The odds of winning the Powerball lottery tonight are one in 292 million. Statistically speaking, given that the population of the U.S. is around 300 million, the odds of winning are almost identical to the odds if you didn't buy a ticket at all, i.e., nearly impossible. Still, with a jackpot now up to $1.5 billion, hopeful gamblers have been lining up and driving for hours to buy as many tickets as they can. Somebody in the U.S. has to win--might as well be you, right?
Not quite. The lottery is a distinctive mixture of optimism, superstition and ignorance seasoned with magical thinking. You have a feeling. Your numbers are lucky. You are the one. Meanwhile the harsh realities of playing the lottery have been thoroughly parsed by economists, social scientists and other wonky professor-types who have patiently pointed out that there are hidden costs to playing, such as the price of gas and the wages lost by standing in line; that money is time that hourly wage-earners typically do not have, as explained in-depth by "poverty whisperer" Linda Tirado; and that the funds the state collects via the lottery act as a regressive tax, for the state uses those revenues to support programs, particularly education, that ought to have been fully supported by taxes in the first place. But they're not, so funding for education is left to languish, and unless people keep playing the lottery, one ends up with the kind of bad math skills that takes $1.3 billion, divides that number by the U.S. population of 300 million, and comes up with... $4.3 million for everybody! Poverty solved!
But the fuller implications of the lottery fever building around this $1.5 billion (and rising) jackpot is far more depressing than the fact that more than 800,000 people shared that Facebook meme. Back in 1930, the Irish Sweepstakes raised enormous sums in Britain, Ireland, Canada and the U.S., by telling participants that monies raised via lottery would go to help sick children. A tiny portion did actually go to hospitals in Ireland, but the real winners were the men running the action, who became millionaires with the support of the Irish government. "For decades," Stephen Dodd noted in an article published in the Independent in 2003, "the greed that propelled the Irish Sweeps soiled Ireland's image around the world...The American edition of Reader's Digest once described the Sweeps as 'the greatest bleeding heart racket in the world'."
The Irish Sweepstakes was a real event, but the lessons of that scam remain unlearned.

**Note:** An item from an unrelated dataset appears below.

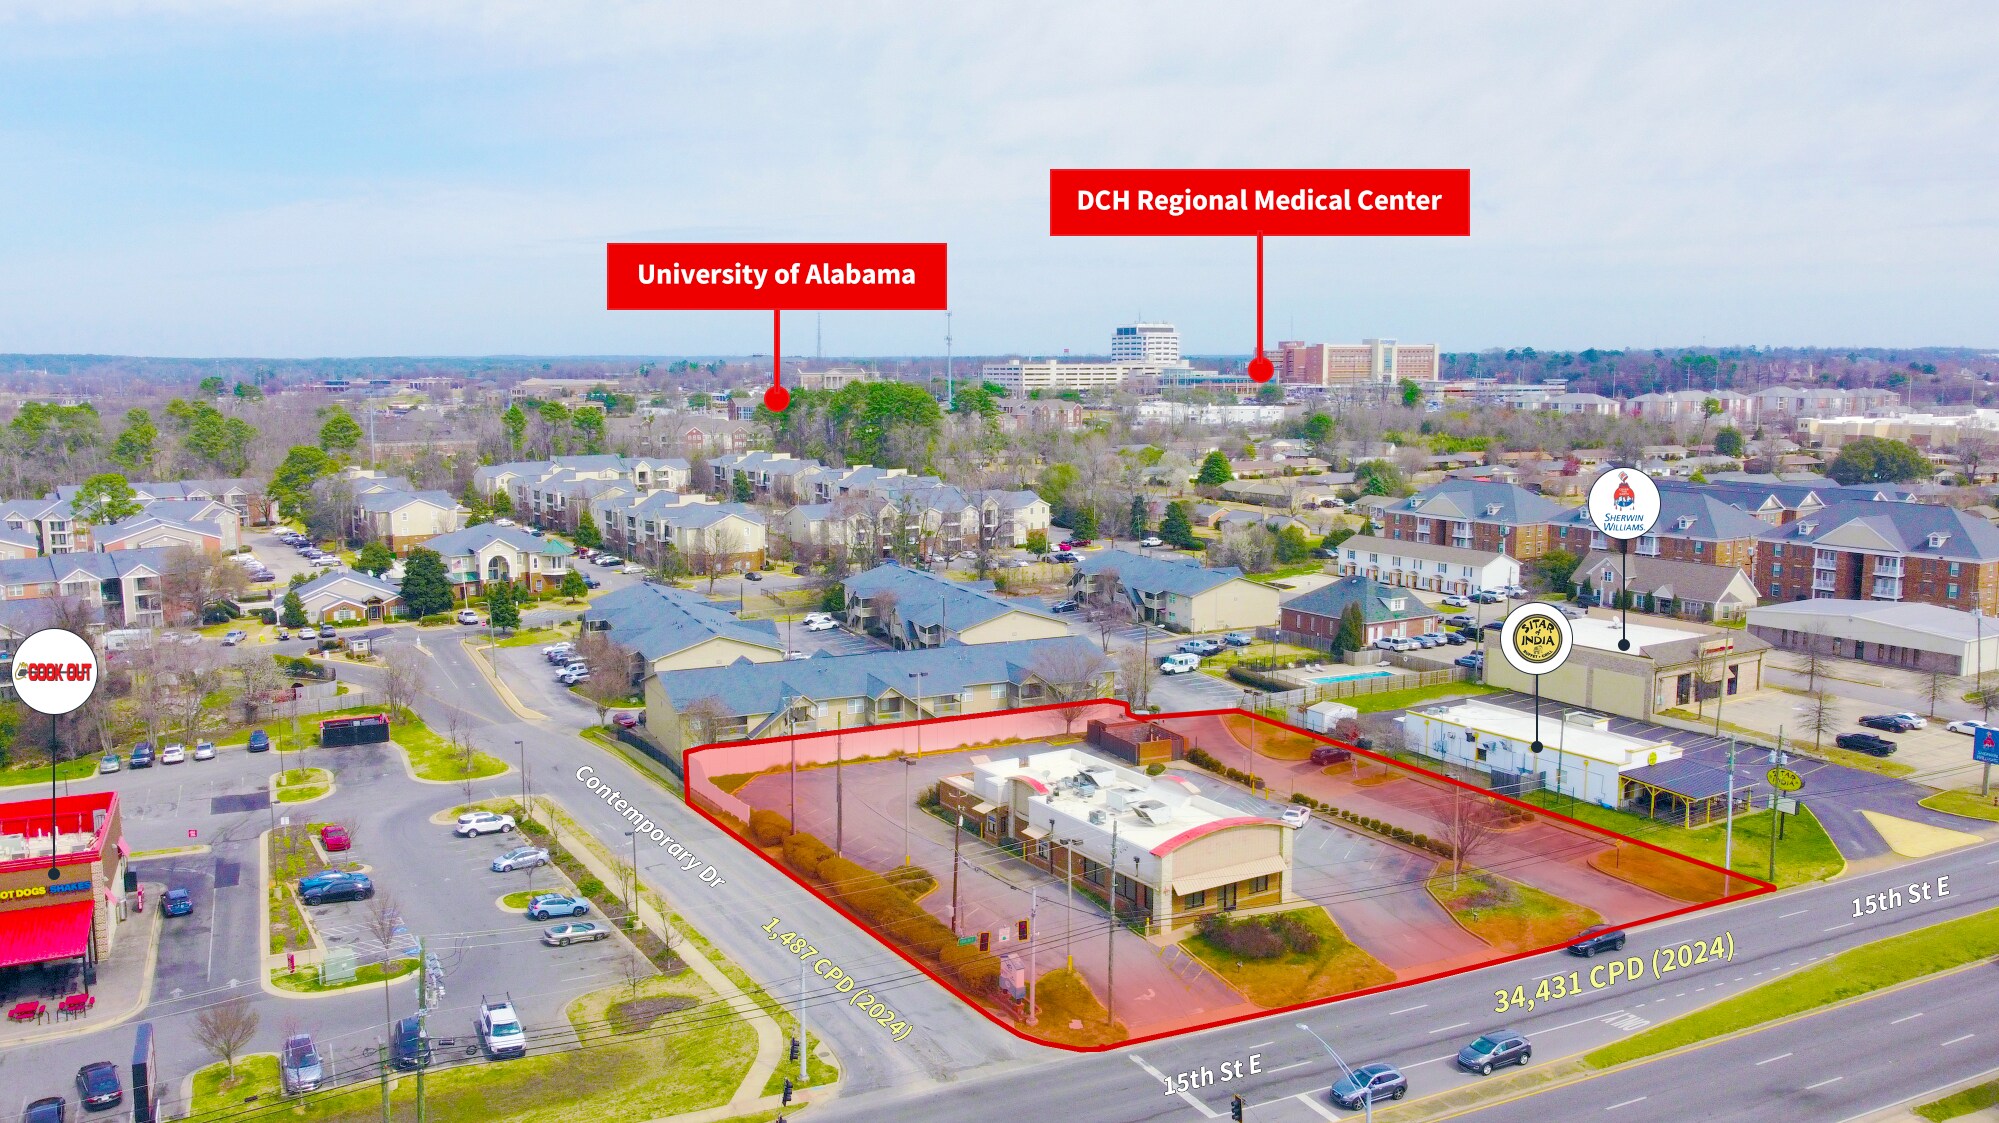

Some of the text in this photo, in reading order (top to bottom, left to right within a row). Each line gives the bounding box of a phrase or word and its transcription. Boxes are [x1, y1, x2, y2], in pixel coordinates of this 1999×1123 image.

[1772, 770, 1796, 780] STAR
[0, 881, 92, 900] OT DOGS SHAKES

It's not because teachers aren't trying. In schools today, fifth-graders still read Shirley Jackson's elegant, chilling short story "The Lottery," about a fictitious lottery where the winner gets stoned to death. From there, a straight line can be drawn to Steven King's short story "The Long Walk," and thence to Suzanne' Collins' series "The Hunger Games." Innumerable episodes of television, including "Hell Money," from "The X-Files," revolve around a lottery where the payoff promises to be worth the risk. What do all these real and fictional lotteries have in common? They exploit the desperation of the powerless, who feel themselves at the mercy of forces they neither control nor understand. But in every one of these stories, the lottery is a cheat. The promise of the payoff is false, as is the promise of a new and better life should you win. In every case, rather, the "winner" is worse off for having won, and in all the literary examples, the price of winning the lottery is your life.

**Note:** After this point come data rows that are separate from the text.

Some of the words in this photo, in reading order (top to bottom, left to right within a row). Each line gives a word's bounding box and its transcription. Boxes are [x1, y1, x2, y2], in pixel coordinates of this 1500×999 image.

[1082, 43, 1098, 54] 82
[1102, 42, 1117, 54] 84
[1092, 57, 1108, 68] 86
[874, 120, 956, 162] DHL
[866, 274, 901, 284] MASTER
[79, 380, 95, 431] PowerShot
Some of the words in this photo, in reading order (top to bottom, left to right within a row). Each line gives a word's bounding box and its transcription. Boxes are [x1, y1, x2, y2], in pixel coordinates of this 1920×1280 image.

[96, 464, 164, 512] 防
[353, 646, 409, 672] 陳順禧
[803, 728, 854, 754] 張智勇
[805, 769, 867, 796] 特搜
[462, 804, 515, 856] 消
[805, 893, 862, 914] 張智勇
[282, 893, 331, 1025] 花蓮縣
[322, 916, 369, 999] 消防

What is especially troubling about the lottery is that it operates under the guise of populist opportunity, offering hope to those who have little of it in their lives. When tied to the mythology of the self-made man, which stresses the boot-strappy chance-taking that leads to success, it becomes toxic for the poor. It's true that great fortunes have been made from the predictable psychology of (other people's financial) panic during recessions. Amid the financial upheaval of the '70s, the Hunt brothers in Texas tried to corner the market on silver and silver futures, for example, and Armand Hammer famously made his first million by cornering the market on tincture of vanilla at the start of Prohibition. However, that kind of speculation requires cash assets already in hand, and aren't so much gambling as they are carefully calculated risks. But who doesn't have $2 to bet on a potential payoff of $1.5 billion for a game that's a no-brainer to play?
Trouble is that low-income people are most likely to play the lottery in hopes of escaping poverty, and that $2, however small a sum, represents a larger percentage of a meager paycheck than a substantial one. The Irish Sweepstakes took hold during the Great Depression, when great swaths of Americans found themselves jobless without assets. When economic prospects are dire, the desperate will sell their bodies, and when that fails, they'll sell body parts. Sounds extreme, but it's already happening politely via sale of blood plasma and the "gift" of surrogacy, even as a 2012 poll of 700 British single and married men between the ages of 21-50 discovered that 43 percent would rather give up their "virility" than lose their job. Though framed as as willingness to give up sex, it's what sex is for that counts -- it's the engine of romance, family and ultimately baby-making. When times are hard, economic survival trumps hope for the future. Which, with every passing day, looks to be a winning lottery ticket for that Virgin Galactic spaceflight to the moon.